Il conclut en soulignant l’importance de
comprendre les racines historiques du conflit pour en saisir la complexité
actuelle. L’invité déclare : « On peut comprendre une grande partie de
l’histoire palestinienne en comprenant seulement leur réponse à cette question
: quelle est la réponse appropriée à un groupe qui tente de s’emparer de mes
terres, de détruire ma maison et de me purifier ethniquement du pays ? »
L’activiste
et historien Zachary Foster (médias sociaux)
Comment voyez-vous les racines des
problèmes actuels au Moyen-Orient, en particulier en Palestine ?
Je crois que les racines de la question
israélo-palestinienne remontent à la fin du XIXe siècle. Cette
période est donc antérieure à la période coloniale. Dans les années 1870 et
1880, les Juifs d’Europe parlaient de la création d’un État juif en Palestine.
Je pense que c’est là, pour moi, l’origine de la question palestinienne.

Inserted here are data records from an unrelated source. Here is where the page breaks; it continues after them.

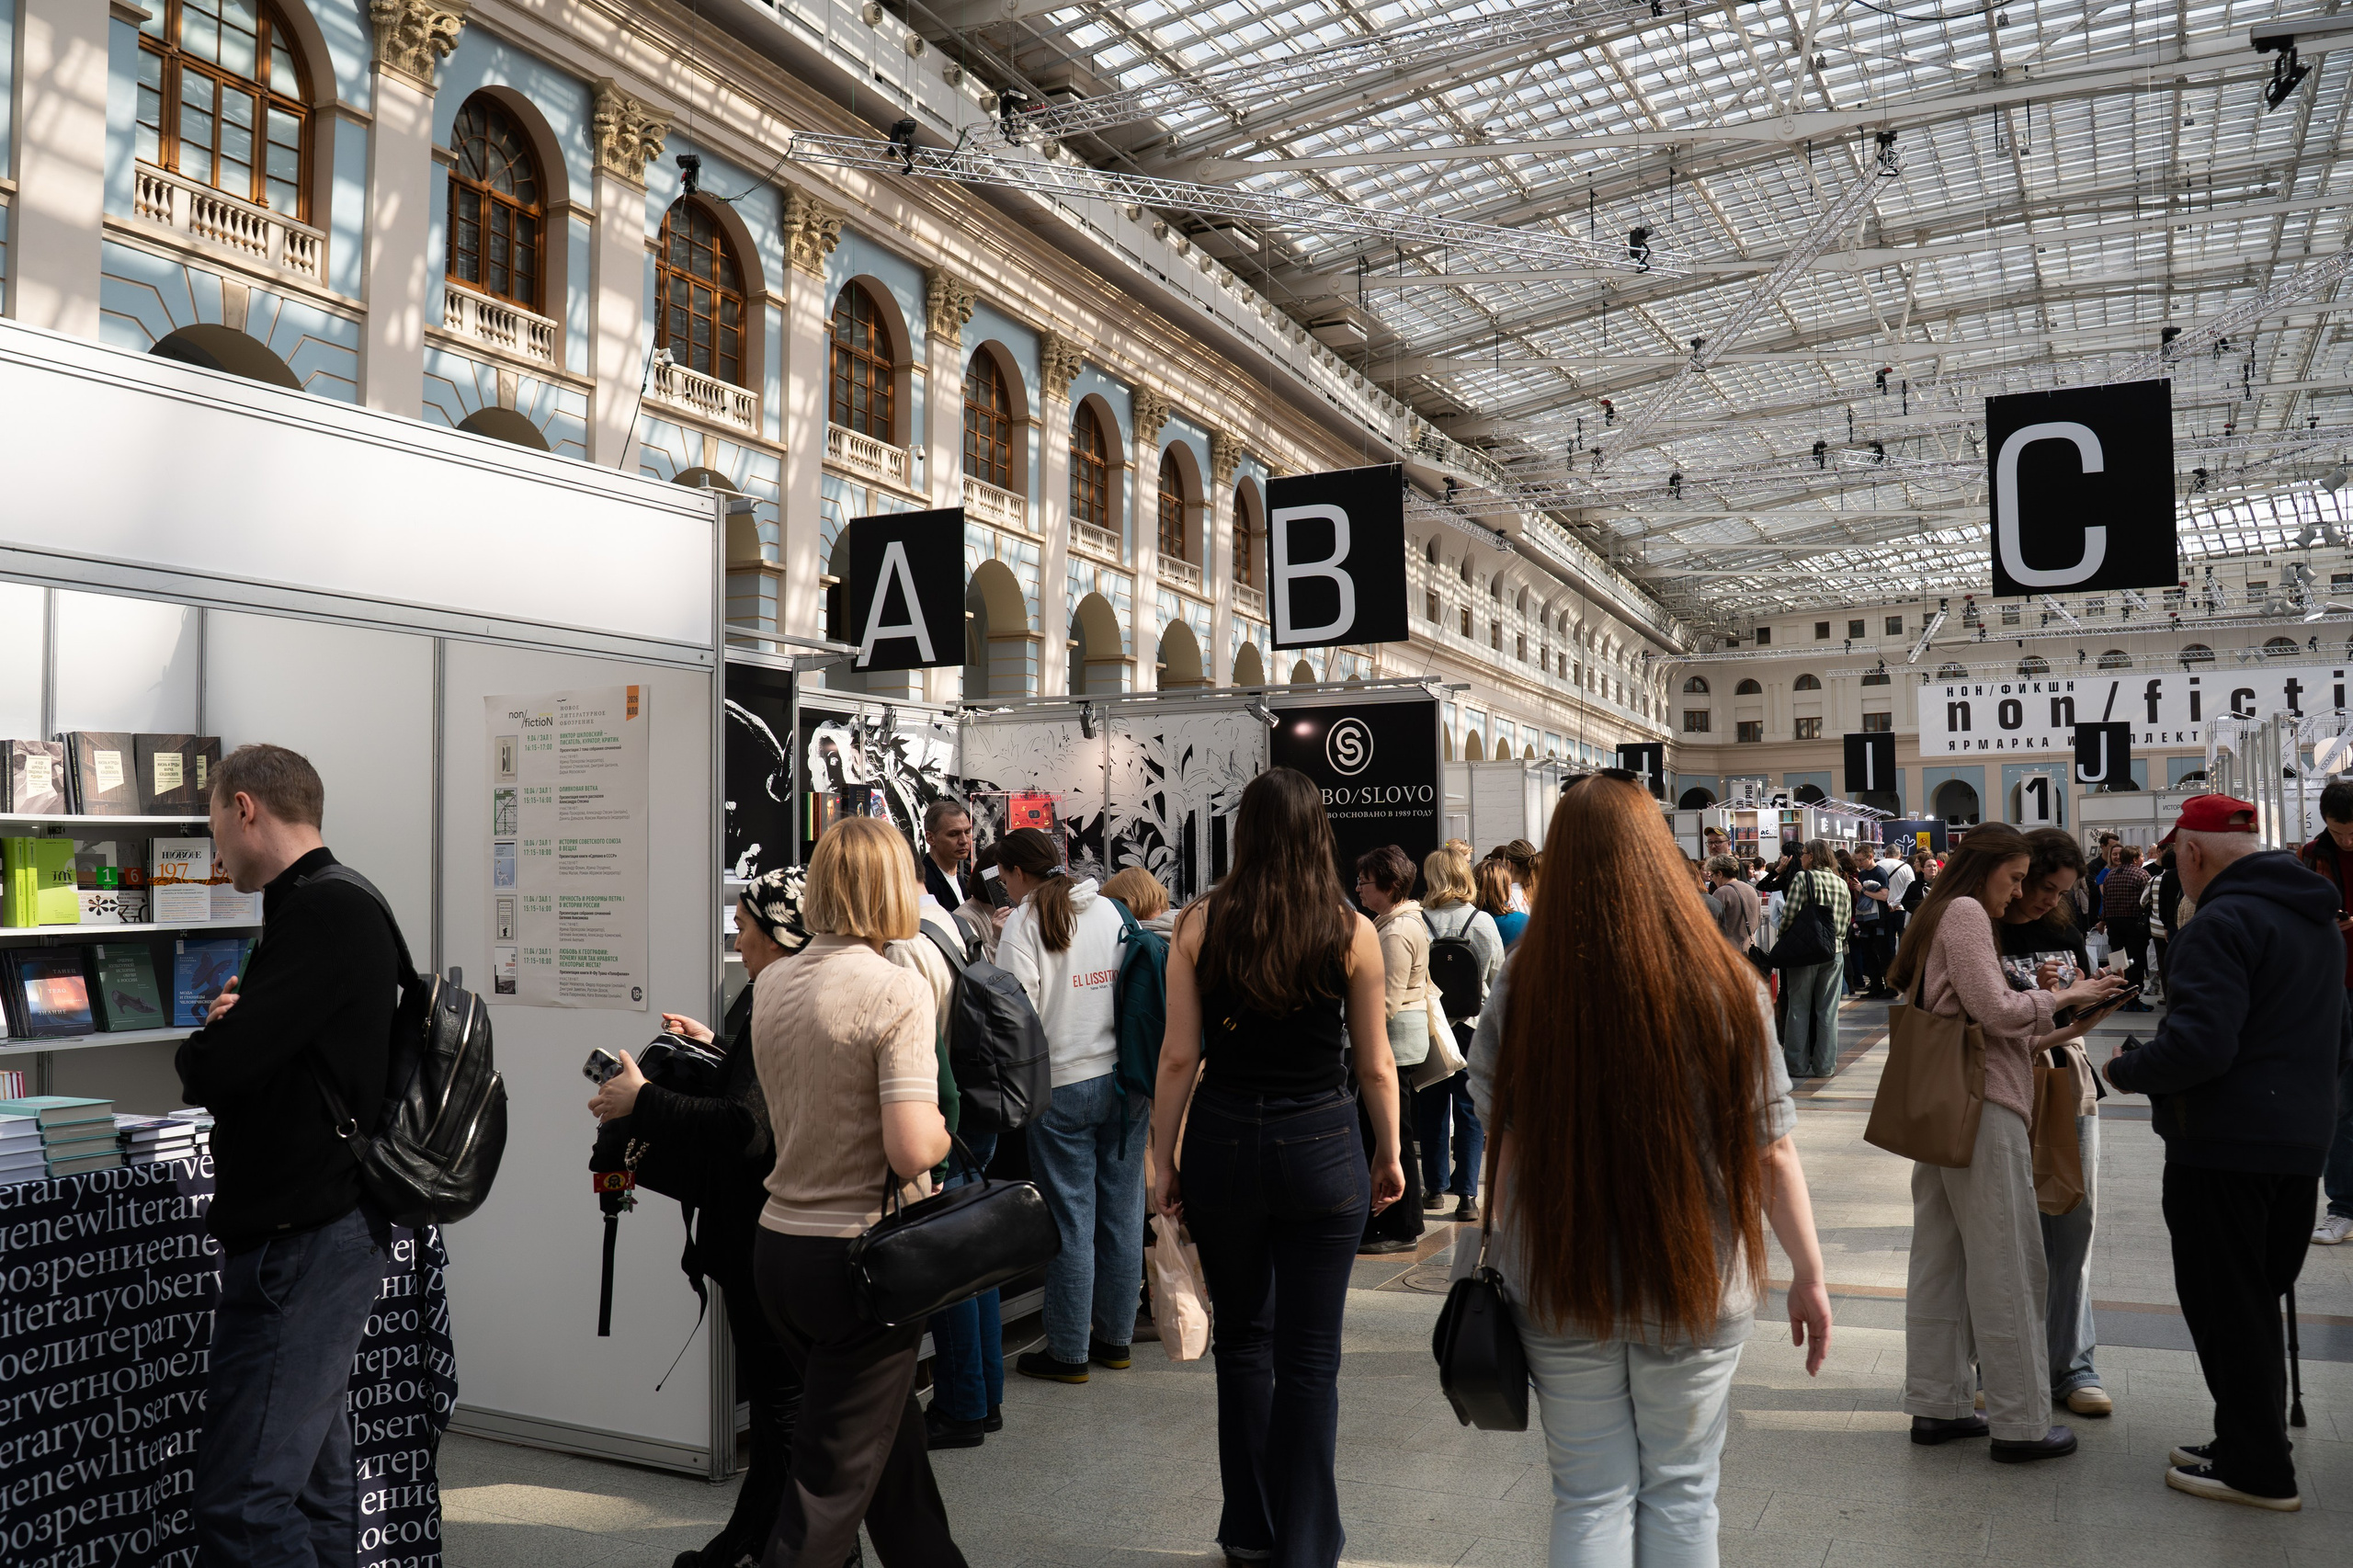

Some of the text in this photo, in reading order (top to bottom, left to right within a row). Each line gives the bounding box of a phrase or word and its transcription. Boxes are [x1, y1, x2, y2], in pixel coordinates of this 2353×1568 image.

[1996, 421, 2107, 587] C
[1271, 504, 1355, 644] B
[856, 540, 936, 667] A
[1947, 680, 2075, 697] НОН/ФИКШН
[1948, 736, 2050, 751] ЯРМАРКА
[2076, 731, 2107, 782] J
[2025, 777, 2049, 820] 1
[1339, 811, 1387, 819] ОСНОВАНО
[1395, 810, 1412, 818] 1989
[1413, 809, 1434, 818] ГОДУ
[2163, 803, 2183, 812] ИСТОР
[104, 868, 111, 882] 1
[131, 869, 139, 883] 6
[157, 862, 188, 880] 197
[1073, 974, 1084, 988] EL
[0, 1310, 215, 1381] оелитерату
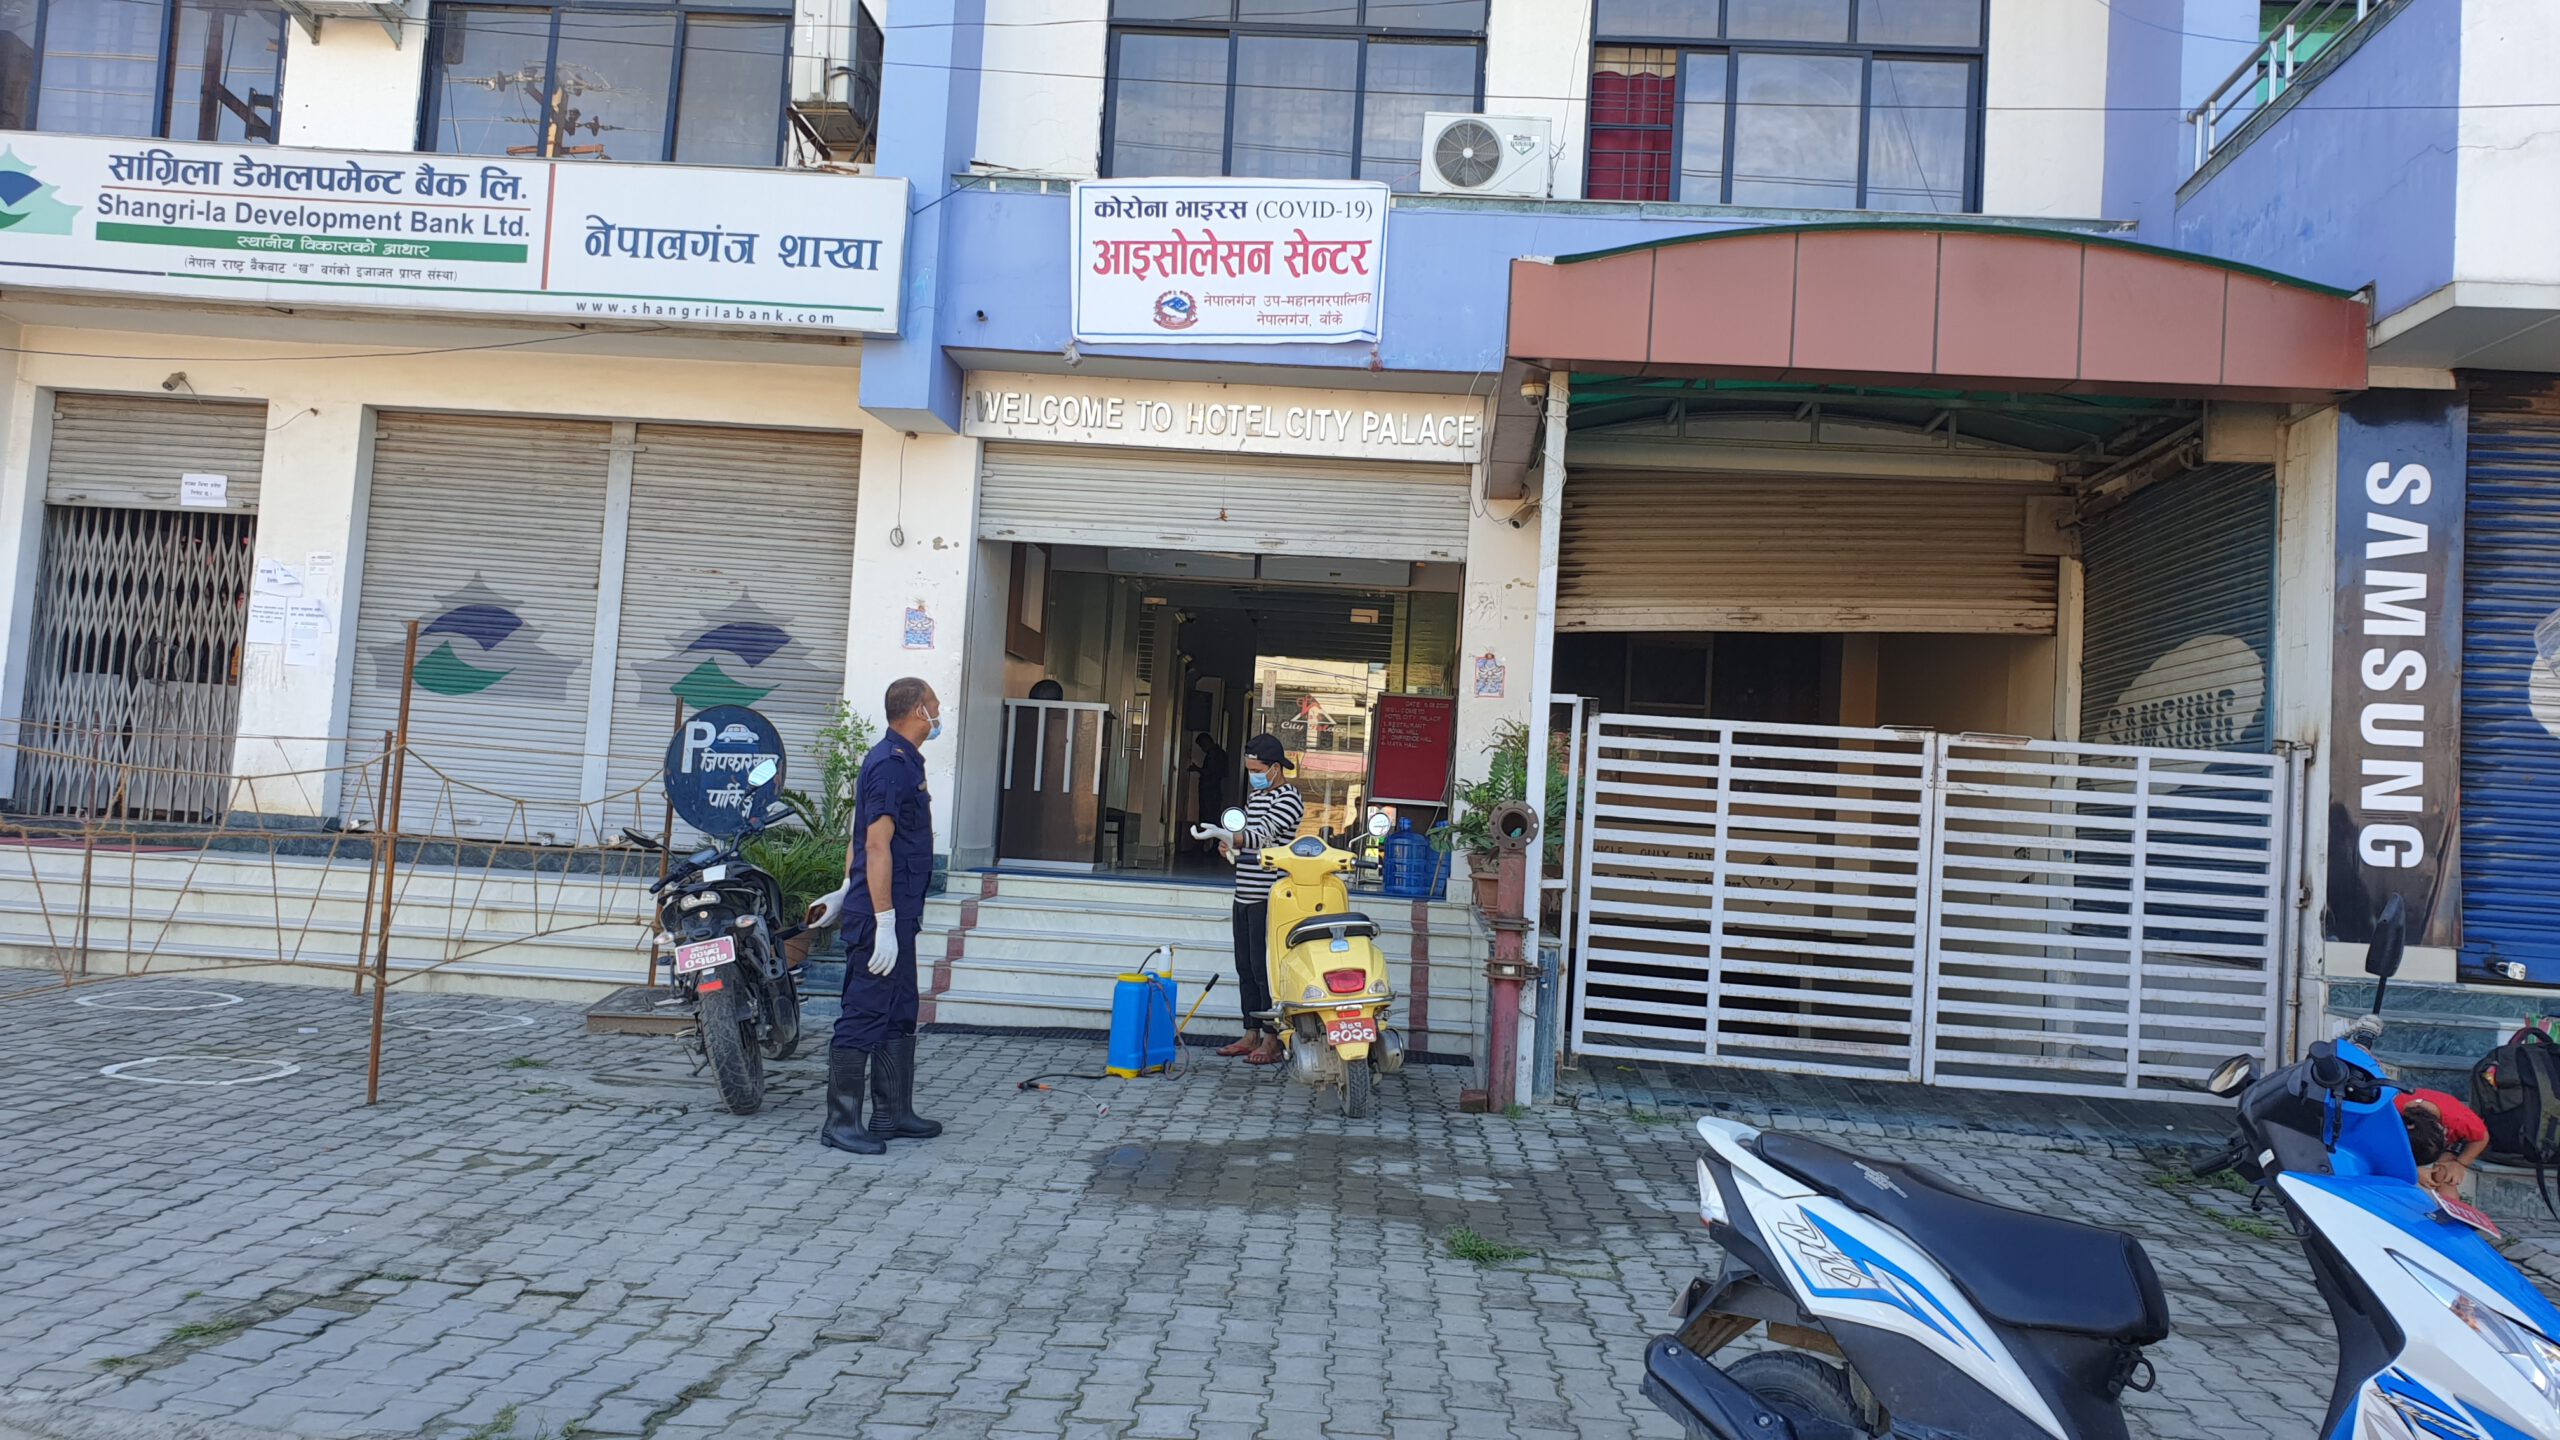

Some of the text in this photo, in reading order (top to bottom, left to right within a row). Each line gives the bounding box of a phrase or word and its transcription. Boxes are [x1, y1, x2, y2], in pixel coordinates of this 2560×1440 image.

[108, 148, 221, 187] सांग्रिला
[233, 154, 403, 195] डेभलपमेन्ट
[480, 166, 528, 201] लि.
[97, 192, 530, 237] Shangri-la Development Bank Ltd.
[1094, 195, 1373, 222] कोरोना भाइरस (COVID-19)
[237, 234, 430, 257] स्थानीय विकासको आधार
[585, 214, 883, 271] नेपालगंज शाखा
[1092, 228, 1373, 281] आइसोलेसन सेन्टर
[576, 301, 835, 324] www.shangrilabank.com
[1203, 292, 1372, 308] नेपालगंज उप-महानगरपालिका
[1257, 311, 1312, 327] नेपालगंज,
[975, 391, 1476, 448] WELCOME TO HOTEL CITY PALACE
[2357, 461, 2432, 869] SAMSUNG
[681, 719, 717, 773] P

C’est
lorsque les Juifs ont décidé de transformer un État arabe, la Palestine, en
État juif. Pour moi, ce fut le début de la question israélo-palestinienne
moderne.
Au
XIXe siècle, cent ans avant la formation d’Israël ?
Oui. Nous parlons des années 1870 ou
1880, il y a donc 140 ou 150 ans. J’ai généralement reçu des réactions très
positives à une vidéo expliquant ce sujet. Mon objectif était d’aborder le plus
de sujets possibles dans une vidéo aussi courte que possible, et de m’attacher
à comprendre pourquoi les choses se sont produites, comment elles se sont
déroulées.
Et je pense que les gens ont généralement
apprécié cela, car j’essaie avant tout d’être objectif. Je parle du terrorisme
juif, du terrorisme palestinien, des crimes de guerre commis par Israël et le
Hamas. C’est vrai. Je m’efforce donc de donner un compte rendu objectif, et de
faire preuve d’un courage interprétatif pour vous aider à comprendre comment
nous en sommes arrivés là aujourd’hui.
Et je pense que les gens apprécient cela.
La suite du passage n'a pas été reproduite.